Faut-il un doctorat pour un poste de quant en finance ? En période de pandémie, la réponse est oui…
Depuis ces dernières années, les quants sont de plus en plus recherchés par les banques et les hedge funds. Face à une demande croissante, on a vu fleurir un peu partout quantité de masters en finance quantitative. Un an après l’émergence de la pandémie de COVID, le boom des masters en finance quantitative pourrait tourner à la faillite de ces mêmes masters.
Les chasseurs de têtes à Londres et New York sont submergés par les candidatures de juniors titulaires de licences et masters, en quête de nouveaux postes de quants Mais les entreprises prêtes à les embaucher sont rares.
« Les banques et les hedge funds recherchent des individualités à qui elles peuvent faire confiance dans le contexte de télétravail – des éléments capables d’être productifs en travaillant à distance, » confie Ben Hodzic, qui dirige le recrutement quant chez Selby Jennings à New York. « L’hésitation est grande dès qu’on parle d’embaucher des jeunes diplômés ou des juniors susceptibles d’avoir besoin d’un accompagnement au quotidien et qui ne connaissent pas les données. »
Un propos qu’il tient cependant à nuancer : « Il y a en revanche une réelle appétence aujourd’hui pour des candidats avec cinq à sept ans d’expérience, capables de démarrer sur les chapeaux de roue, d’extraire les données et de produire une hypothèse. » Sans oublier d’ajouter qu’« il y a une forte demande pour ce type de profils. »
Ben Hodzic poursuit en précisant que tout en paraissant juniors à première vue, les titulaires d’un doctorat en finance quantitative sont en réalité perçus comme des profils expérimentés. « On pourrait penser qu’à l’issue de leur doctorat, ces jeunes diplômés sont promis à des postes au bas de l’échelle ; mais si vous sortez de l’une des meilleures universités dans le domaine, avec des années de recherche à votre actif, vous commencez généralement à un niveau intermédiaire, voire senior, et on estime que vous savez travailler seul. »

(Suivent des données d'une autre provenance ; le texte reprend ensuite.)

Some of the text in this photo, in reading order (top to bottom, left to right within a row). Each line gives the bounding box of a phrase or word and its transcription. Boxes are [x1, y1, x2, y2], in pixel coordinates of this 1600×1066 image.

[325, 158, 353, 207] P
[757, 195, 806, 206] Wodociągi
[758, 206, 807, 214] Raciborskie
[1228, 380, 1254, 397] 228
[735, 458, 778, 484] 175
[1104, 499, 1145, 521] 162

Ce sont en revanche les jeunes diplômés de licence et masters qui se retrouvent sur le pavé, ajoute-t-il.
La situation est sans doute pire à Londres. Une chasseuse de têtes rappelle le nombre croissant de quants juniors désormais en recherche d’emploi, suite aux réductions d’effectifs de plusieurs fonds quantitatifs comme Winton Capital Management l’an dernier (Winton est passé en 2019 de 296 à 230 employés, et aurait procédé à d’autres licenciements en novembre dernier). « C’est dur pour les juniors en ce moment, » dit-elle. « On recrute beaucoup plus de quants senior, gestionnaires de portefeuilles ou de leurs composantes. » C’est ainsi que Winton vient de débaucher John Ward de Green Park Research, où il était déjà gestionnaire de portefeuille.
Quant aux nouveaux recrutements dans un avenir proche, le fonds souverain des émirats - Abu Dhabi Investment Authority (ADIA) - semble bien être en phase ascendante après l’embauche en décembre dernier de Thomas Schmelzer. L’ancien responsable de la recherche quantitative chez Lobnek Wealth Management à Genève a rejoint l’ADIA au poste de Quantitative Reseach & Developement Lead.

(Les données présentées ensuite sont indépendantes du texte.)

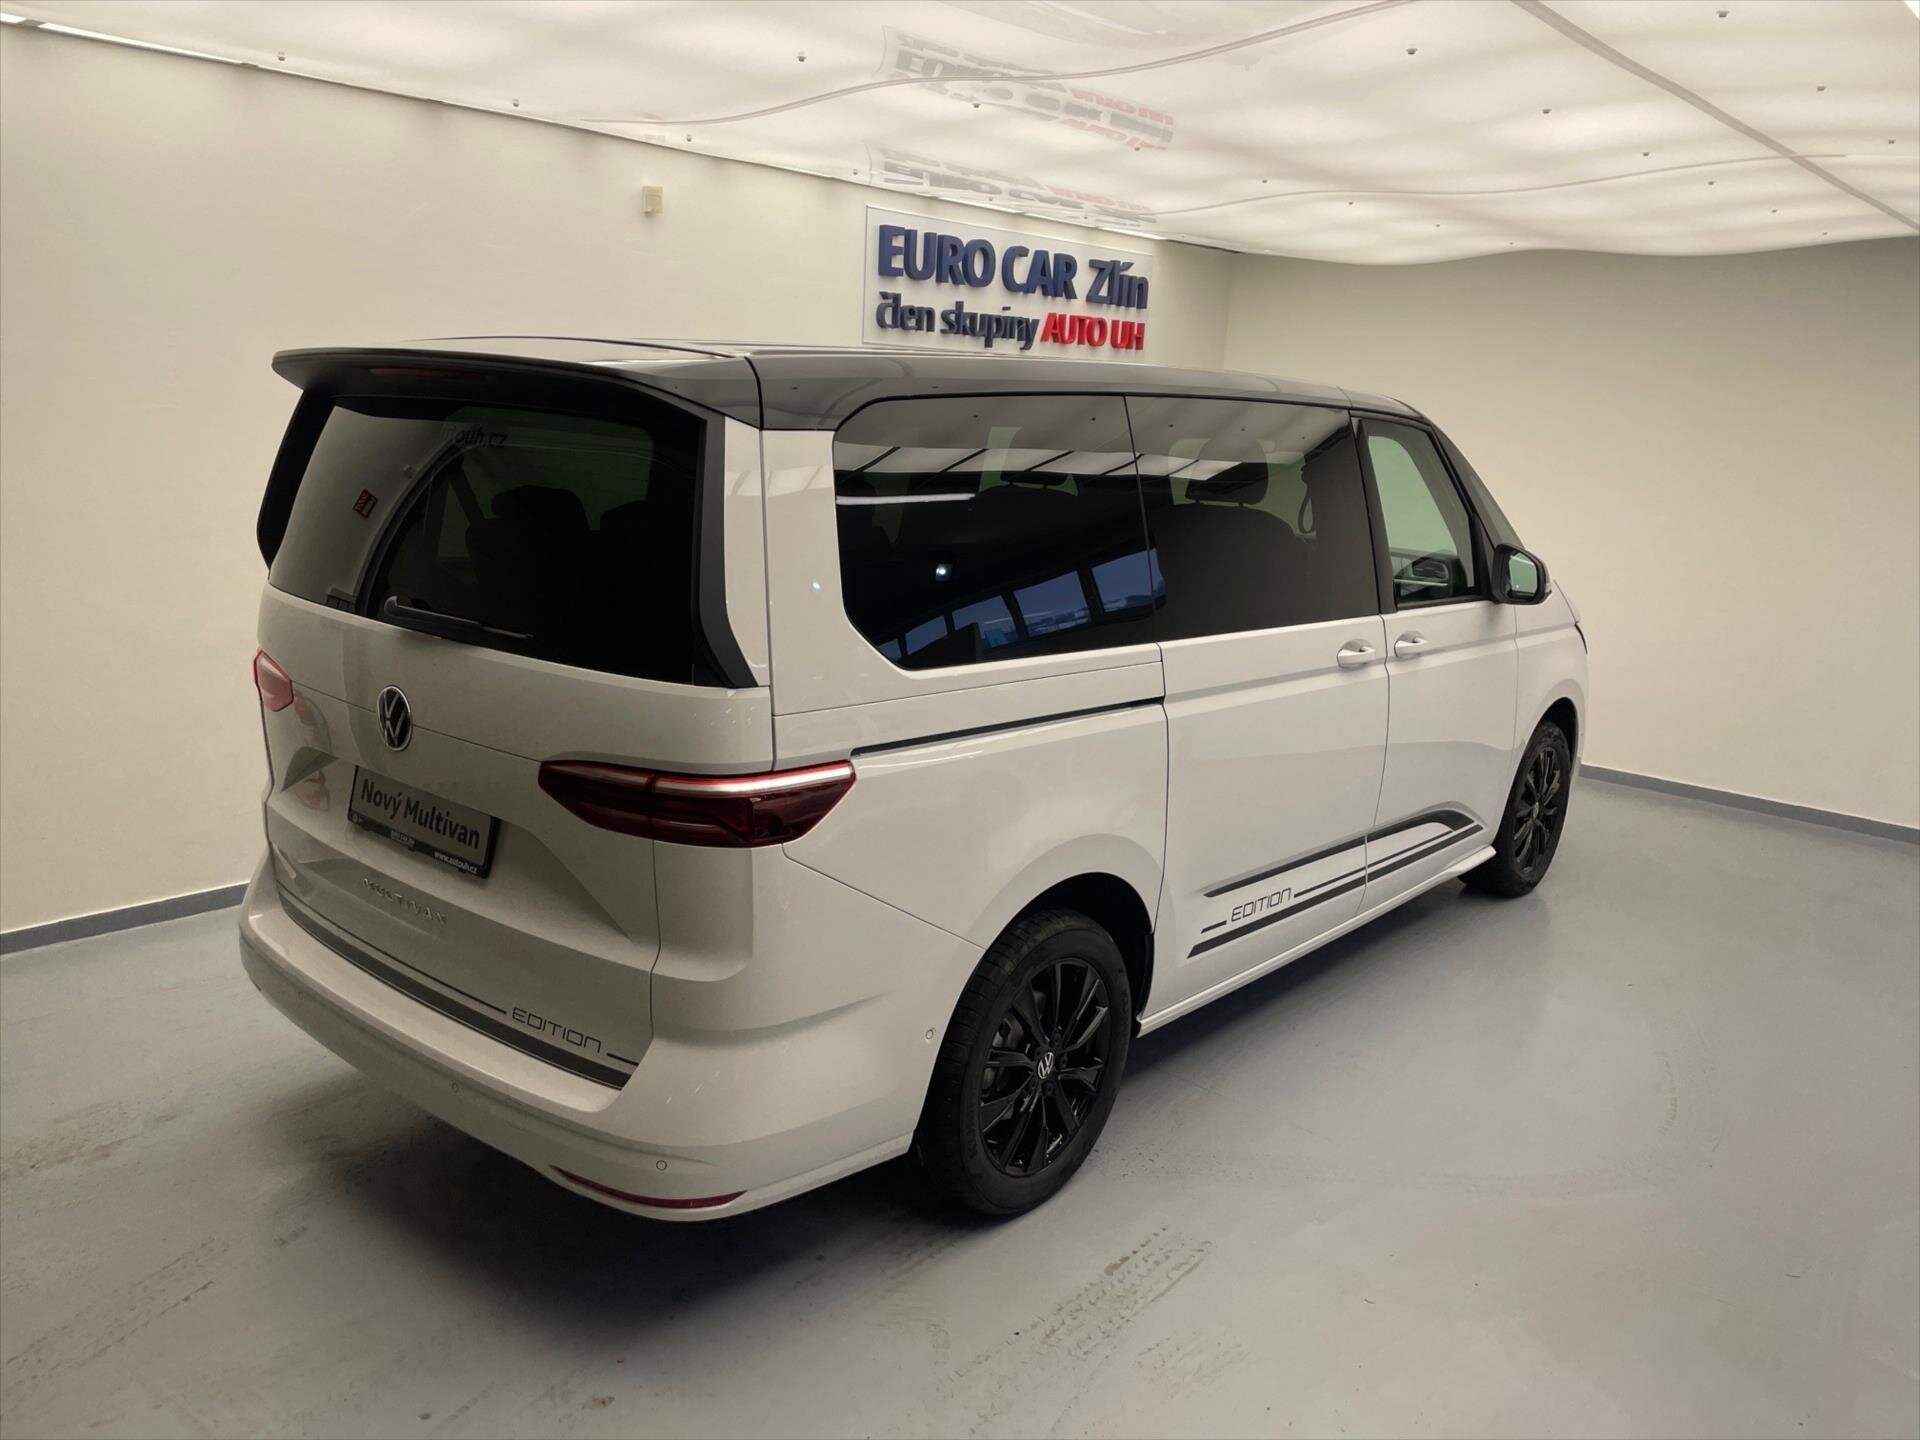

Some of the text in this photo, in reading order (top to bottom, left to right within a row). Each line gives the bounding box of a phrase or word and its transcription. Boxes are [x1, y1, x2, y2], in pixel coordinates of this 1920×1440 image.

[878, 224, 1149, 310] EURO CAR Zlín
[876, 291, 1146, 351] člen skupiny AUTO UH
[361, 778, 480, 849] Nový Multivan
[1231, 887, 1292, 922] EDITION
[512, 1007, 602, 1053] EDITION

Thomas Schmelzer est titulaire d’un doctorat en mathématiques et analyse numérique de l’Université d’Oxford. Les aspirants quants seraient sans doute bien inspirés de viser une qualification similaire : « le doctorat est le meilleur moyen pour vous consacrer à vos recherches sans dépendre d’une entreprise, » relève Ben Hodzic. « Ce sera un argument de poids pour vous vendre sur le marché. »

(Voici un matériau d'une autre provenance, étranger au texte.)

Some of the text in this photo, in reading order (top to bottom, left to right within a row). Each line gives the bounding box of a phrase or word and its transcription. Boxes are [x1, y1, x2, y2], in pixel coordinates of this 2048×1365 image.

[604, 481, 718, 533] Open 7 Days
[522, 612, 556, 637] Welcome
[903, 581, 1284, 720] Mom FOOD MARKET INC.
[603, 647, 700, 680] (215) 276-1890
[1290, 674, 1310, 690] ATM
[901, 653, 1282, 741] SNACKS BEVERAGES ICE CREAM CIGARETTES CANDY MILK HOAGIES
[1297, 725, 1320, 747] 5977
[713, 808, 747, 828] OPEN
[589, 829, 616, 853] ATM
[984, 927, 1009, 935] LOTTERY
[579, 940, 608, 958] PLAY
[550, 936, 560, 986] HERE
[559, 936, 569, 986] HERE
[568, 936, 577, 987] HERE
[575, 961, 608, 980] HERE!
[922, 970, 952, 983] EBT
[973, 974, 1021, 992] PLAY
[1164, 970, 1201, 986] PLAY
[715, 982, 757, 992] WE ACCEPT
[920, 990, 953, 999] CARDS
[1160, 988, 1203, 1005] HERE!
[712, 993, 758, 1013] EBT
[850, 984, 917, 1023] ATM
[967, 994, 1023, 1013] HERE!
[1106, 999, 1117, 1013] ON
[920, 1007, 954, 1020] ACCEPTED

Et si vous n’avez ni le temps, ni l’argent, ni même l’envie de vous lancer dans un doctorat en finance quantitative ? Ben Hodzic conseille de vous tourner dans un premier temps vers des postes en données dans les fintech ou chez les fournisseurs de technologie. « Quand vous aurez travaillé sur différents projets en Data Analytics avec divers flux de données, un hedge fund verra au moins qu’il n’aura pas besoin de vous tenir la main s’il décide de vous embaucher. »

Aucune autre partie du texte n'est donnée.